Friday, Nov 23, 2007

Lenders factor in 30% fall in 'executive' flat prices

FT: UK lenders retighten rules for new flats

Mortgage lenders have further tightened their criteria for loans on all new-build flats in the latest sign of growing nervousness about the housing market as new figures showed a “stunning” slump in mortgage lending in the autumn. Alliance & Leicester has told mortgage brokers it will tighten its loan-to-value on new flats to 70 per cent amid reports of falling prices in many regional cities. ***** Hmmm - how many years have we been saying that new-build flats will become the slums of the future?

Posted by uncle chris @ 09:01 PM (443 views) Add Comment

6 Comments

1. Dlitman said...

You fundamentally misunderstand the state of the new build flat market. The problem is that developers deliberately overprice by about 20% to 30% and catch a range of buyers, some pay near 100% asking price, others make offers closer to the market value. Those that have been buying right are not suffering huge falls. Why would they become the slums of the future? Some may do, others may not, it's a bit of a sweeping statement!

Saturday, November 24, 2007 01:22AM Report Comment
 

2. stillthinking said...

"Many repossessed flats were selling at auction for about 35 per cent less than the market level,..."

Given that the auction -is- a market, the market level mentioned above is irrelevant. So 35% down for some unlucky types and we aren't even into December yet. I can't remember the last crash properly but we must be in or entering a wild foreclosure binge by the banks, before prices tank to such an extent that there is no point foreclosing and they look to make arrangements. I think that the number of people who get foreclosed is probably the same proportion as before, but the fact that BTL is so common now will multiply the numbers of houses. I hope the BBC makes the case that the number of people affected is not the same as the number of houses at auction.
I feel that many of the people who jumped into this wholeheartedly and bought a string of properties would in fact be alright if they sold half of them, as for many there are still gains to be had even if the market falls considerably.
Somebody from work is waiting to finalise contracts on the sale of his house and is on tenterhooks about it. Talk about the last minute. His whole economic future rests on the ignorance of this single buyer, otherwise he is out of luck. He is already talking about dropping the price by 10K should the buyer even look a bit nervous....

Saturday, November 24, 2007 11:13AM Report Comment
 

3. C'mon Correction said...

There is "posh" flats in Cardiff that have already fallen by over 30%.

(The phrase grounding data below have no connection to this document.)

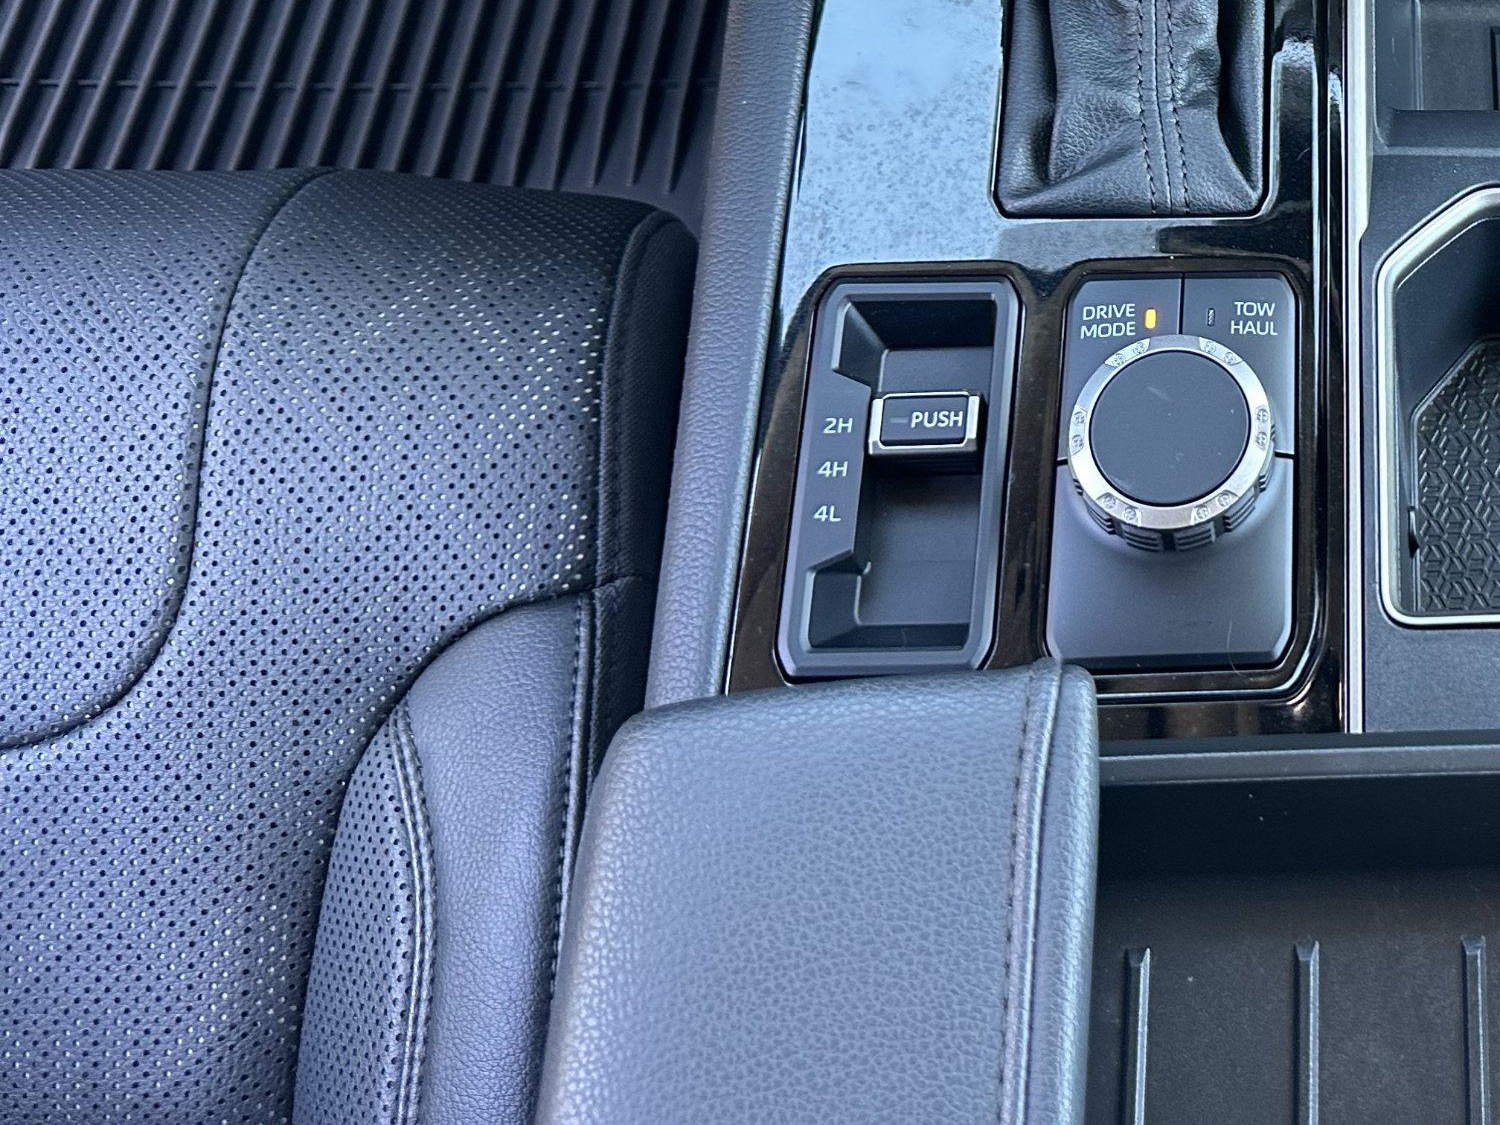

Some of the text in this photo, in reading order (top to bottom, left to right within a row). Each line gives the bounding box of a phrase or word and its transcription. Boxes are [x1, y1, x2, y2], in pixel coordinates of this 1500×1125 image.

[1082, 303, 1136, 321] DRIVE
[1234, 301, 1276, 317] TOW
[1080, 321, 1136, 339] MODE
[1230, 320, 1279, 336] HAUL
[822, 417, 854, 434] 2H
[910, 410, 964, 429] PUSH
[817, 461, 849, 478] 4H
[813, 505, 842, 523] 4L
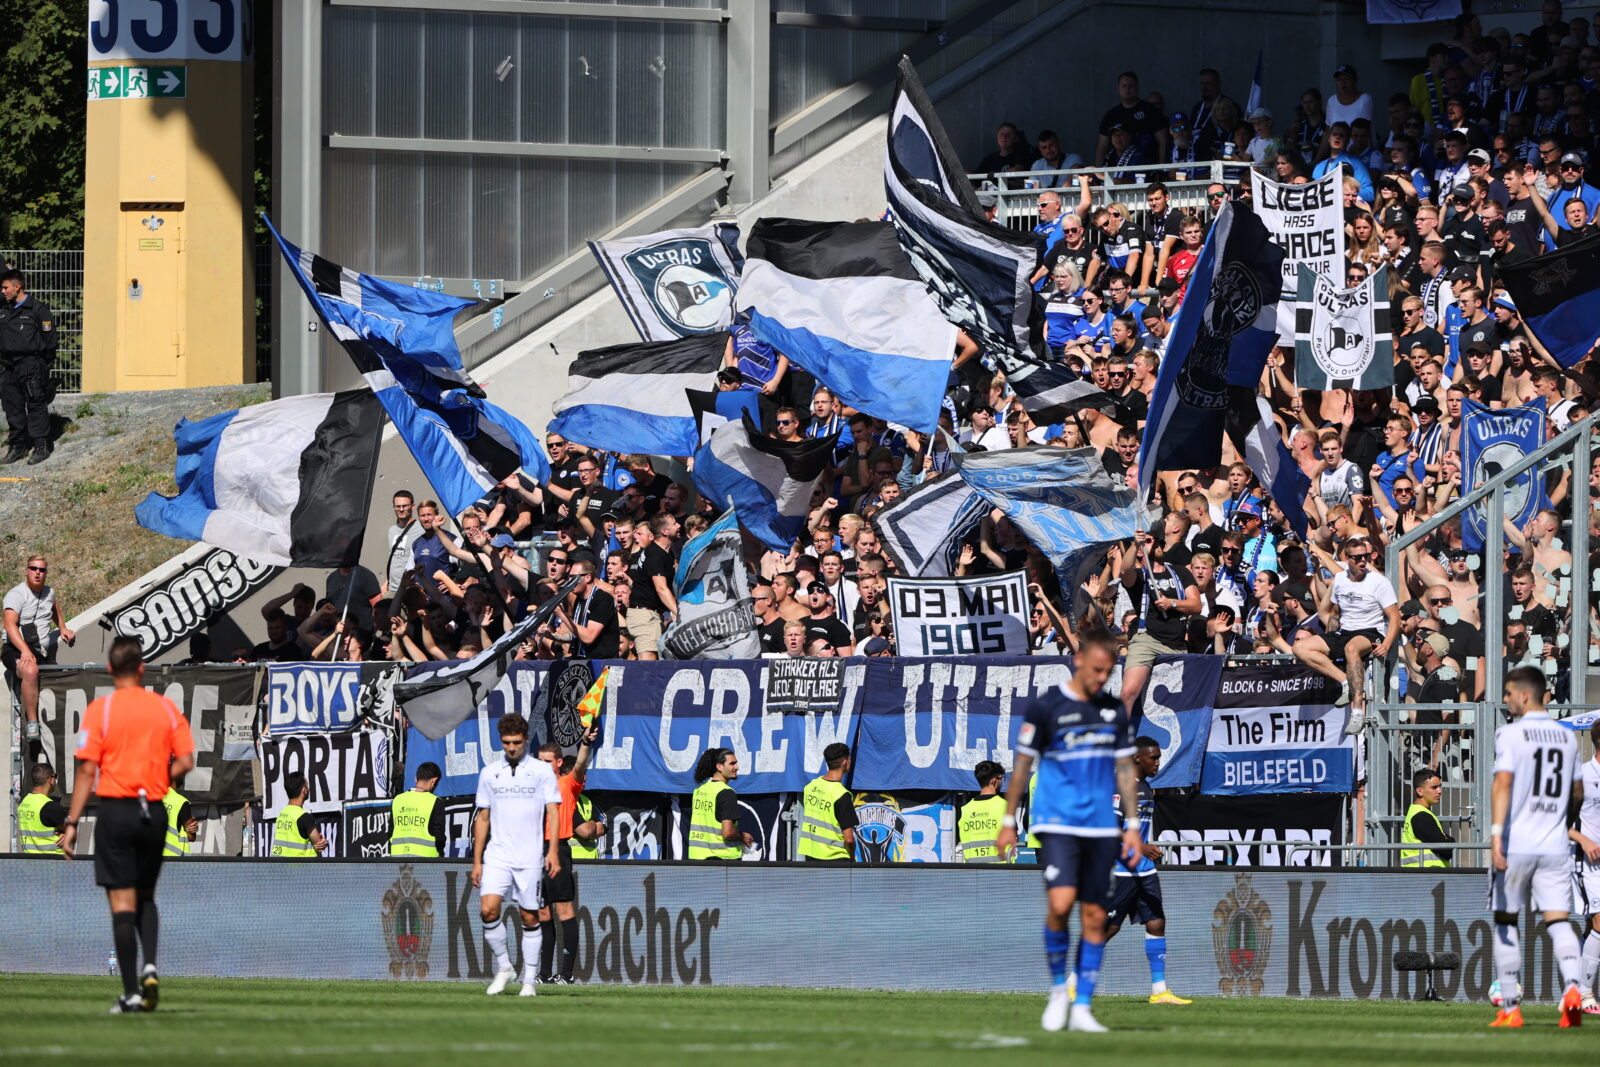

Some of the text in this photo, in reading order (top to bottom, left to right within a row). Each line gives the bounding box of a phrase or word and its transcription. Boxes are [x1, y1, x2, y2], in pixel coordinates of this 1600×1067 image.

[1261, 178, 1334, 212] LIEBE
[1283, 214, 1316, 228] HASS
[636, 246, 703, 270] ULTRAS
[1268, 228, 1336, 260] HAOS
[1283, 260, 1331, 277] RUTUR
[692, 282, 707, 298] A
[1347, 335, 1354, 346] A
[1477, 416, 1534, 441] ULTRAS
[900, 583, 1020, 619] 03.MAI
[920, 621, 1006, 656] 1905
[819, 660, 839, 678] ALS
[770, 679, 839, 697] JEDE AUFLAGE
[1222, 677, 1325, 694] BLOCK 6 SINCE 1998
[271, 670, 361, 731] BOYS
[445, 660, 1185, 777] LOL CREW ULTS
[1220, 712, 1326, 746] The Firm
[38, 682, 220, 794] SPE
[262, 731, 377, 811] PORTA
[1224, 758, 1327, 787] BIELEFELD
[1533, 747, 1563, 799] 13
[492, 784, 536, 795] SCHÜCO
[692, 799, 713, 813] DNER
[963, 818, 998, 832] ORDNER
[445, 871, 721, 986] Kobacher
[1287, 880, 1600, 1000] Krombah
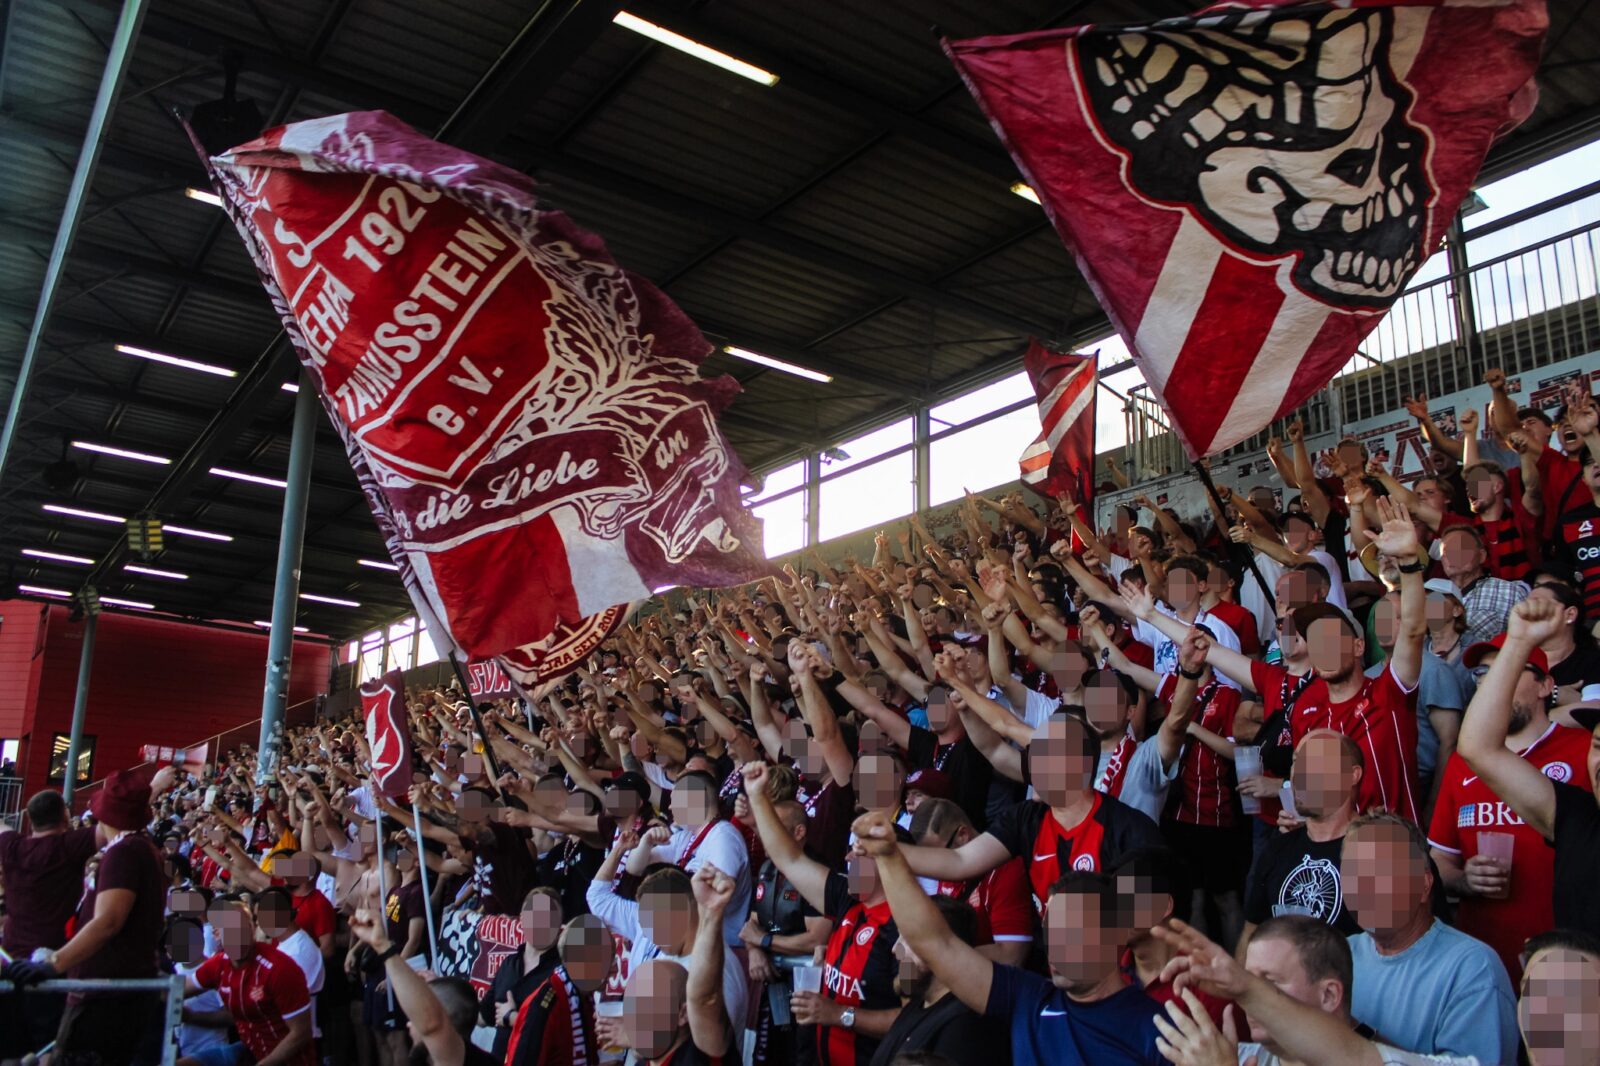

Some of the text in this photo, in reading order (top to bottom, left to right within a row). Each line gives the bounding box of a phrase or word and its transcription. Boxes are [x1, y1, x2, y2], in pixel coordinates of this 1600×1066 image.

In 2005 one which I've been keeping an eye on a 2 bed executive flat that was built and advertised for £295,000 (bear in mind this will buy you a 4 bed house in nice part of cardiff); I used to live in a flat (rented it) that was bigger and half mile up road in an even nicer area that was valued at £120,000 also in 2005. I still can not understand why the "executive" flat is £175,000 more just because it has a power-shower and granite work-tops ???!

Most new flats are way,way,way over valued, I wouldn't touch one with a barge pole.

Saturday, November 24, 2007 11:28AM Report Comment
 

4. paul said...

Ewwww. Nasty.

We have a few new build development near my very comfortable rented flat that are tanking in the market:
A perspex and aluminum carbuncle of "luxury flats":

http://maps.google.com/maps?f=q&hl=en&geocode=&time=&date=&ie=UTF8&t=h&om=1&ll=51.512315,-0.312507&spn=0.001143,0.002511&z=19

and a nasty, mostly finished slapdash mostly empty development here:

http://maps.google.com/maps?f=q&hl=en&geocode=&time=&date=&ie=UTF8&t=h&om=1&ll=51.511655,-0.316246&spn=0.001143,0.002511&z=19

Both of them look very wanting for tenants and I'll bet the off-plan "investors" have fear and loathing right now.

Saturday, November 24, 2007 11:35AM Report Comment
 

5. confused76 said...

Michael Saunders of Citigroup said: “The severity of the slide in mortgage approvals in October is stunning.”

Saturday, November 24, 2007 12:56PM Report Comment
 

6. drewster said...

A lot of these flats were sold with a "15% developer discount", which meant an 85% LTV mortgage could magically be used to buy 100% of the flat (the banks weren't told about the 15% cashback). So we could expect a 15% loss straight away. Compounded to that is the oversupply of flats in many areas (northern cities), the credit crunch, and the general fall in prices, and I think a 30% fall is optimistic.